WORK INSTRUCTION
A word-for-word copy of the listing is what's needed; leave out every image.

DATASET CONTENT
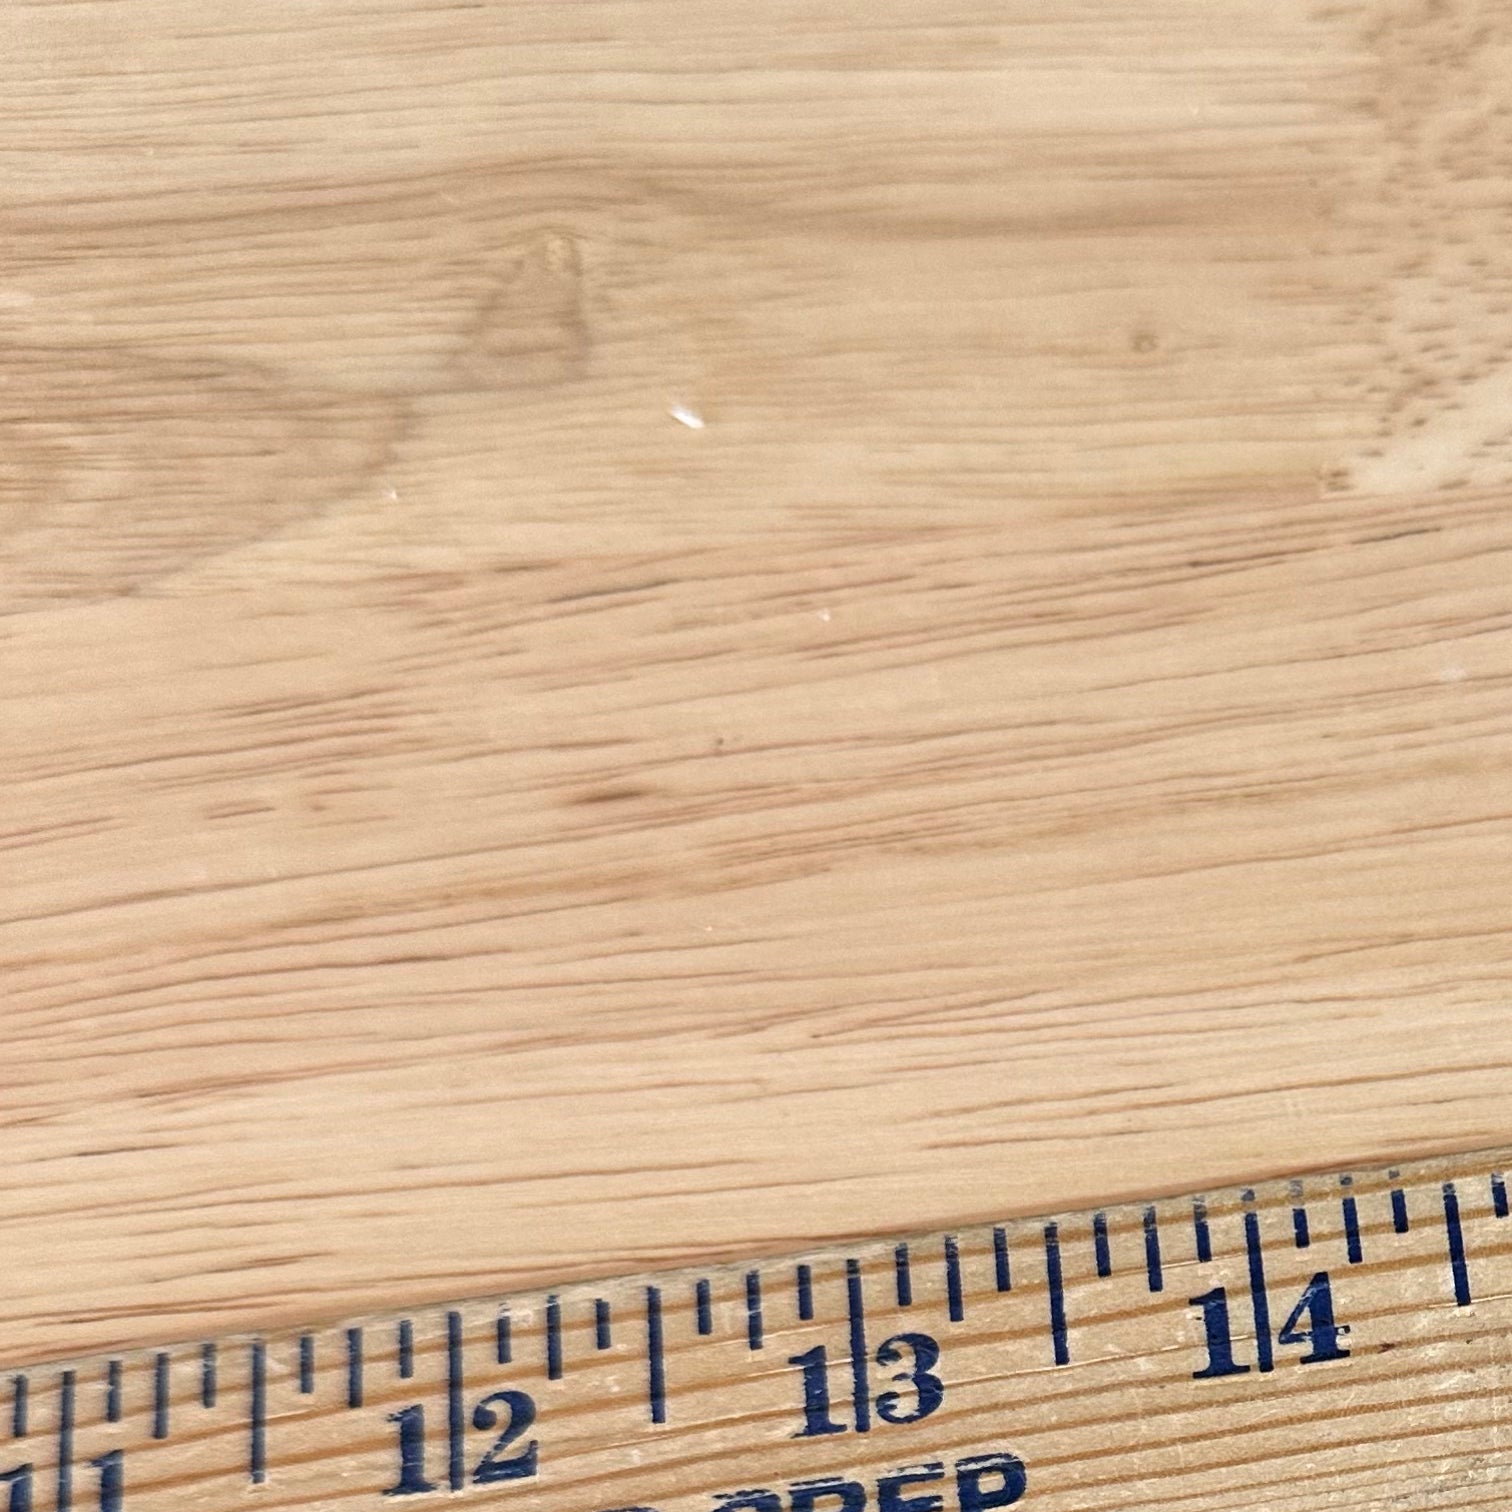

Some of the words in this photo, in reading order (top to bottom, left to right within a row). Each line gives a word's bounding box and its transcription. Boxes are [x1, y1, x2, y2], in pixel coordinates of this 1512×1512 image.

[382, 1389, 539, 1498] 12
[787, 1331, 945, 1438] 13
[1187, 1270, 1352, 1380] 14
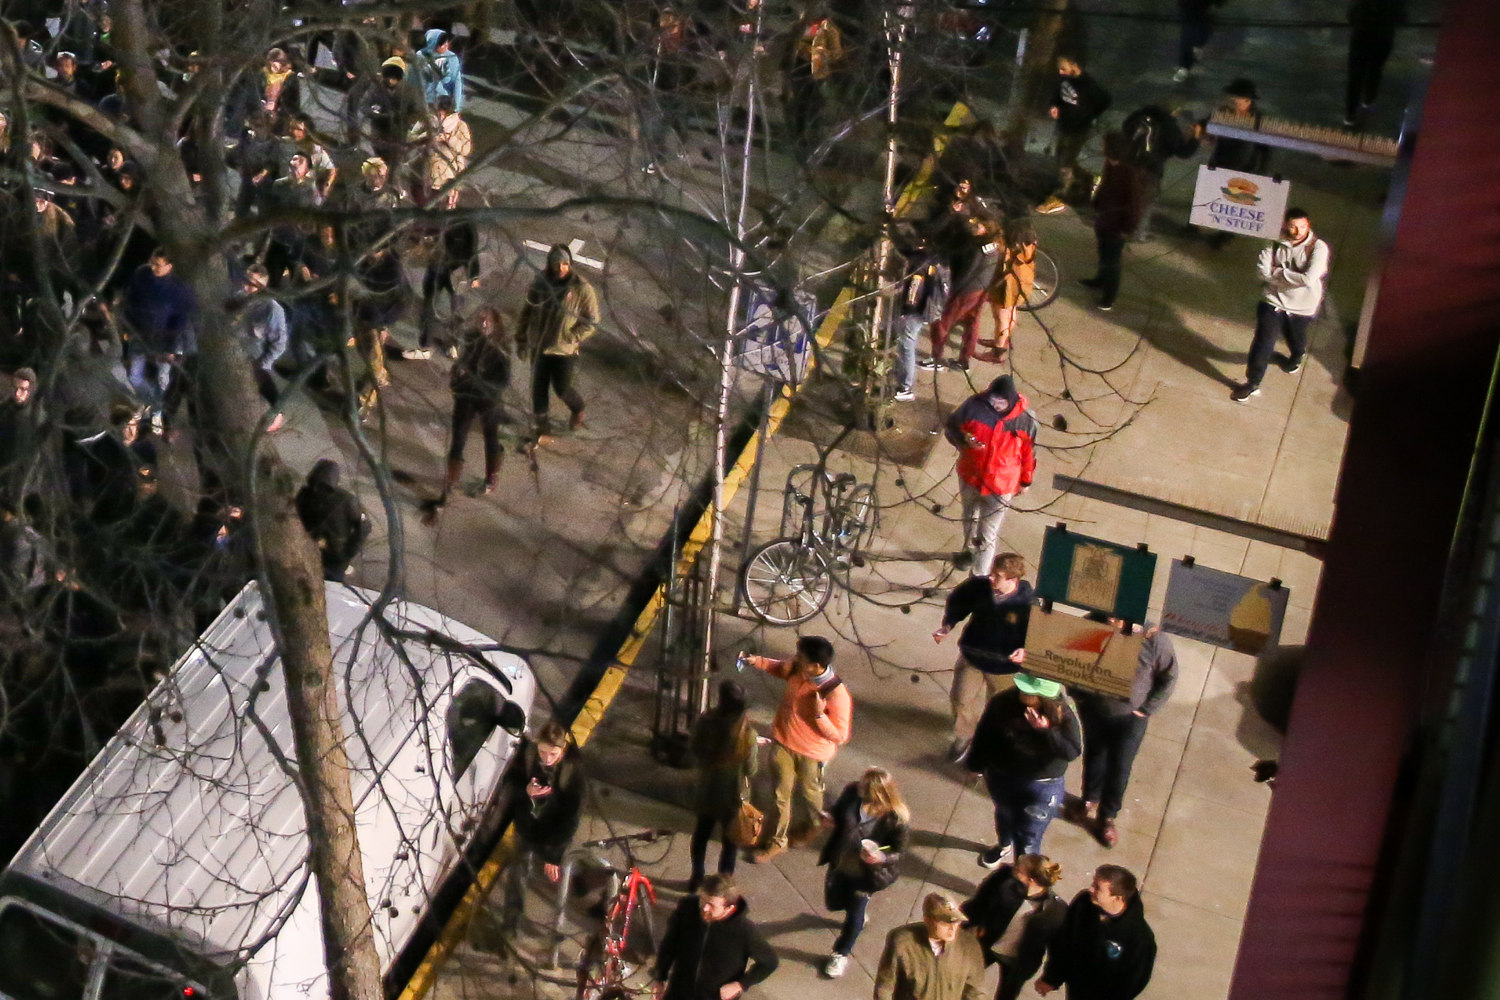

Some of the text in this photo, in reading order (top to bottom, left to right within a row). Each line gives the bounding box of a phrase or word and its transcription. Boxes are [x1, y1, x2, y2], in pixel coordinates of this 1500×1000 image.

[1209, 202, 1265, 222] CHEESE
[1226, 217, 1264, 232] STUFF
[1044, 649, 1113, 678] Revolution
[1056, 663, 1096, 683] Books
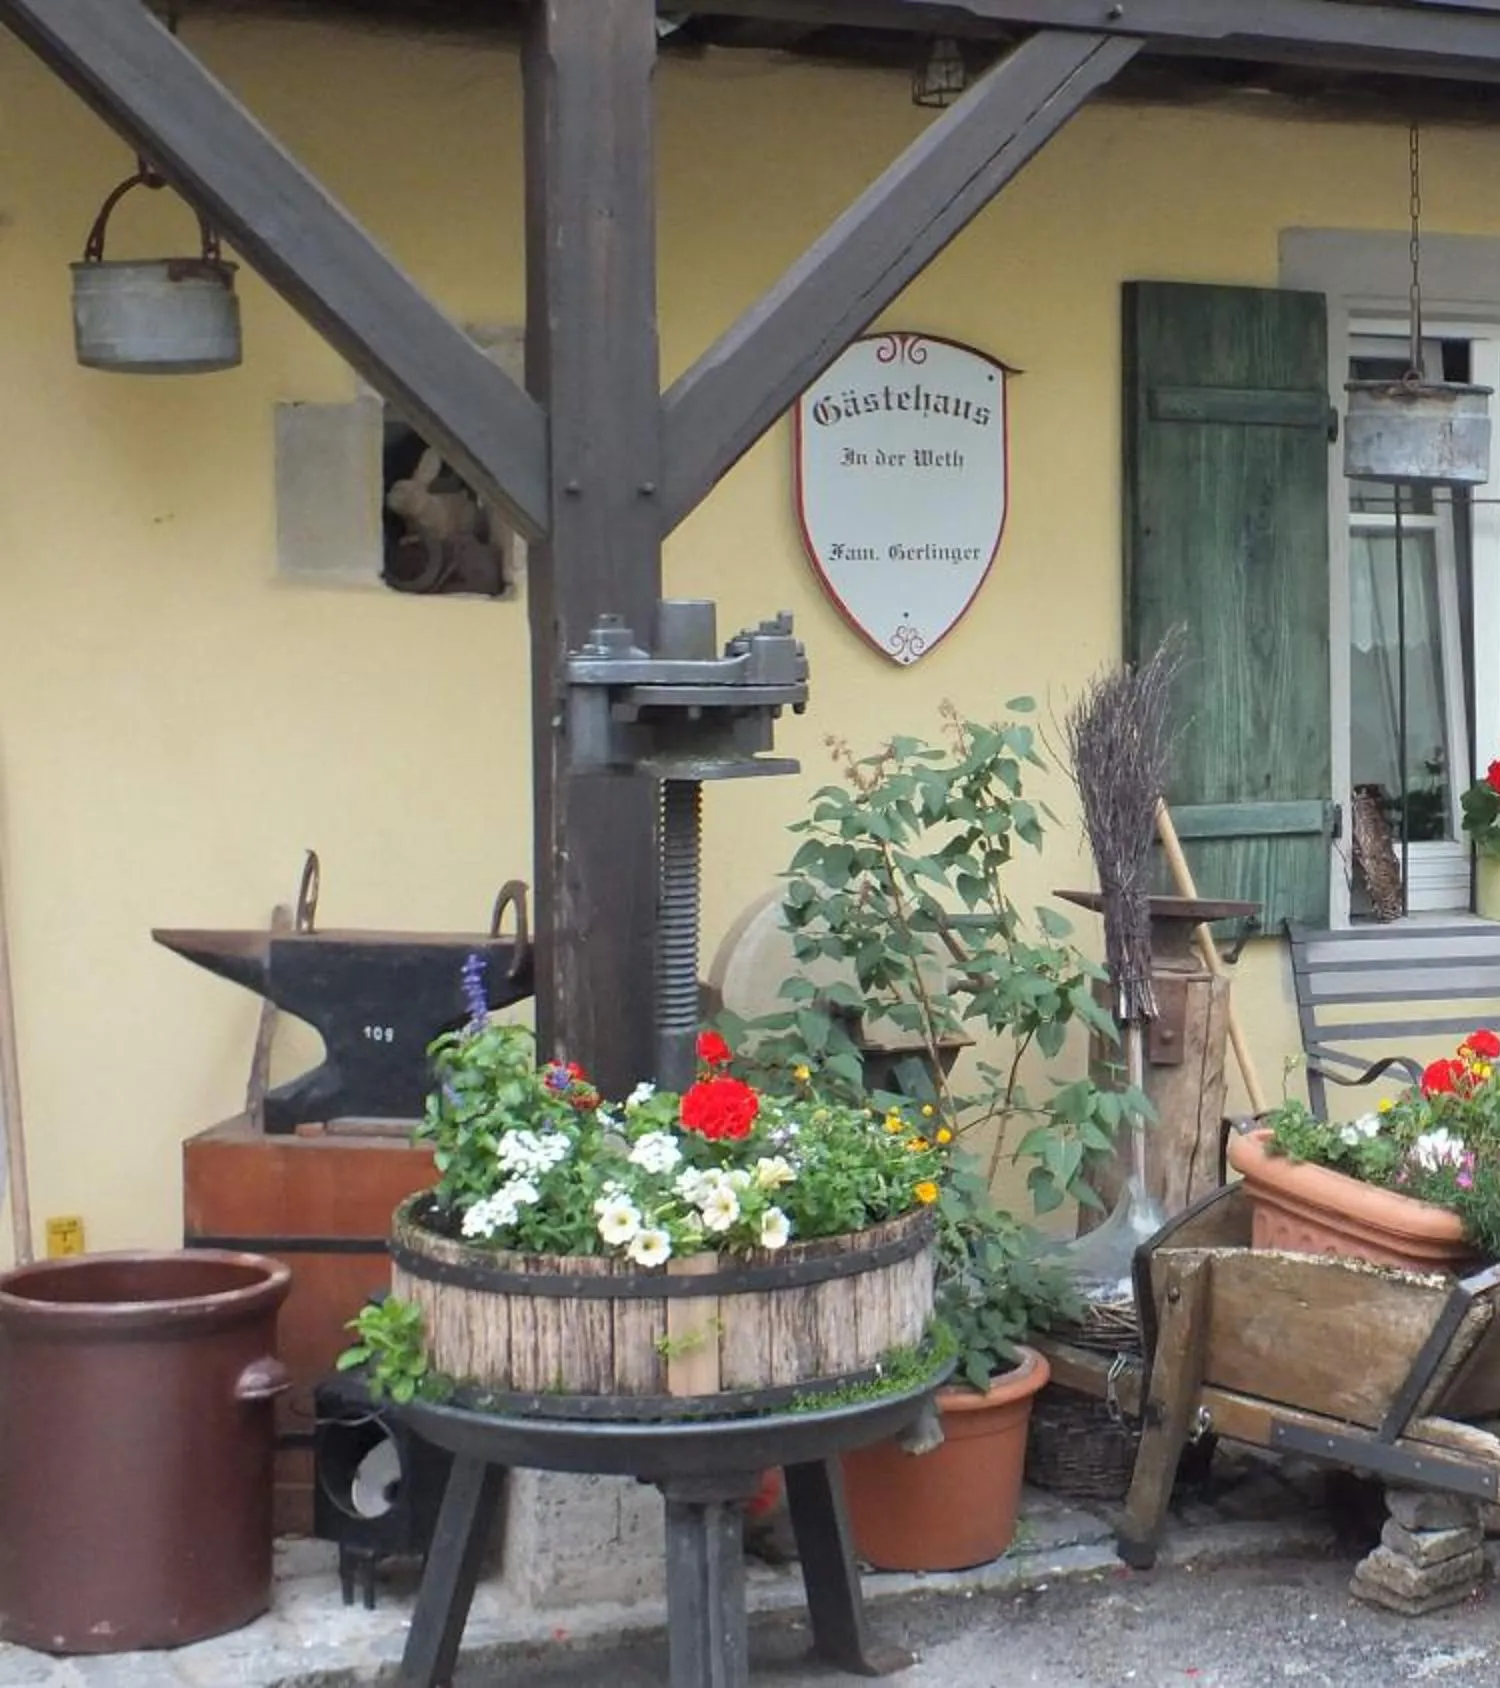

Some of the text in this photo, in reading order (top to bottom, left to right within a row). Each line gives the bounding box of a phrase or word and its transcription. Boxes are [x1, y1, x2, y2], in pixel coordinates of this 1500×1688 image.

[813, 384, 991, 427] Gästehaus
[841, 447, 964, 471] In der Weth
[828, 543, 981, 565] Fam. Gerlinger
[363, 1025, 394, 1043] 109
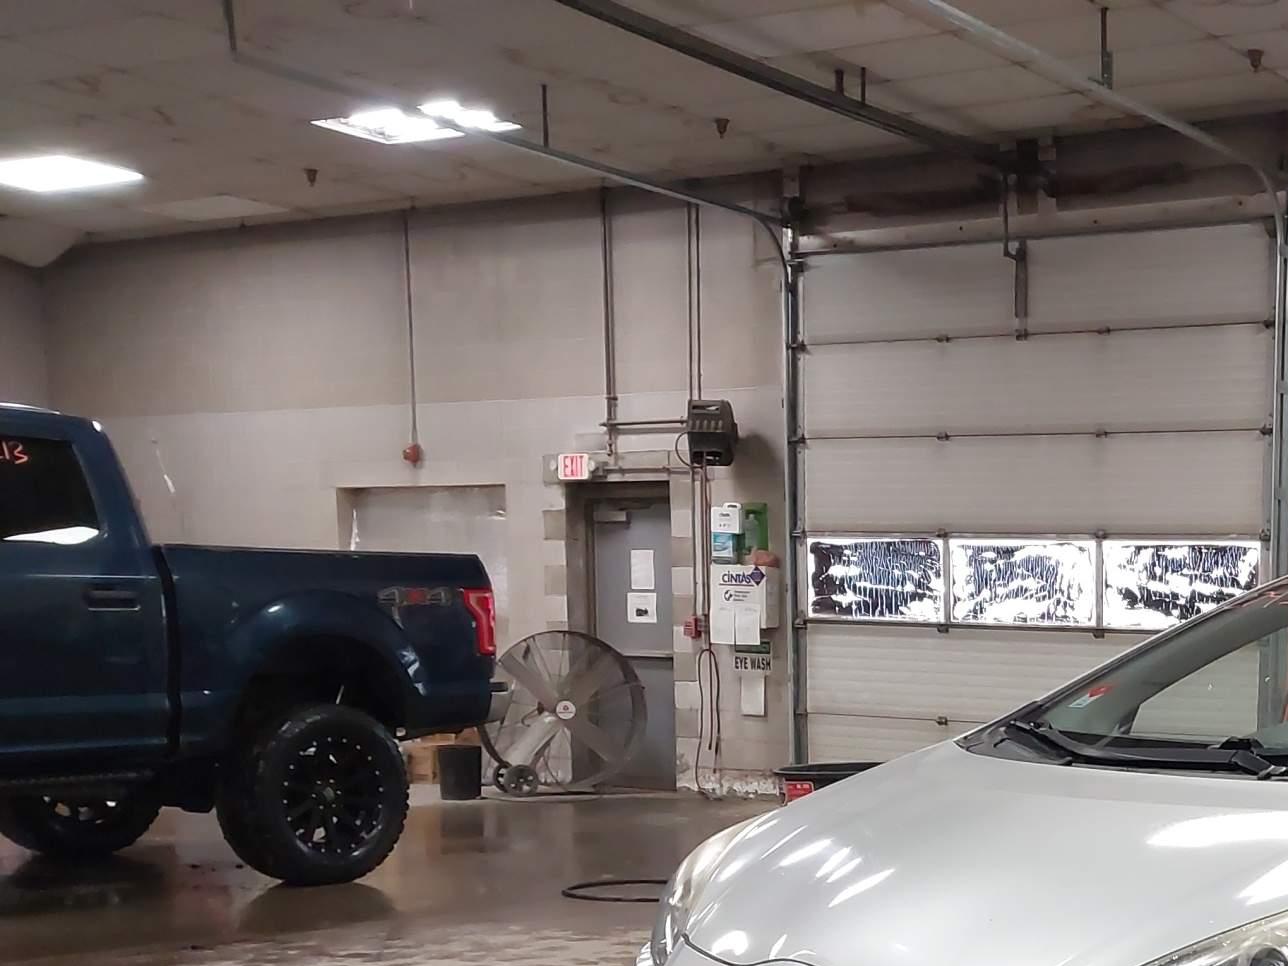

FINISHED TASK
Some of the words in this photo, in reading order (top to bottom, left to right within a row). Each line gives a word's bounding box and its transcription. Boxes are [x1, y1, x2, y2], in pixel coordinates of this 1512×1512 image.

[382, 1389, 539, 1498] 12
[787, 1331, 945, 1438] 13
[1187, 1270, 1352, 1380] 14

Some of the text in this photo, in reading order (top to bottom, left to right within a row). Each line gives the bounding box of a phrase or word and its transcription. Boxes are [x1, y1, x2, y2], in pixel coordinates of this 1500×1000 image.

[1209, 202, 1265, 222] CHEESE
[1226, 217, 1264, 232] STUFF
[1044, 649, 1113, 678] Revolution
[1056, 663, 1096, 683] Books

Some of the text in this photo, in reading order (top to bottom, left to right within a row). Each line gives the bounding box of a phrase or word and its transcription. Boxes are [x1, y1, x2, y2], in pixel coordinates of this 1500×1688 image.

[813, 384, 991, 427] Gästehaus
[841, 447, 964, 471] In der Weth
[828, 543, 981, 565] Fam. Gerlinger
[363, 1025, 394, 1043] 109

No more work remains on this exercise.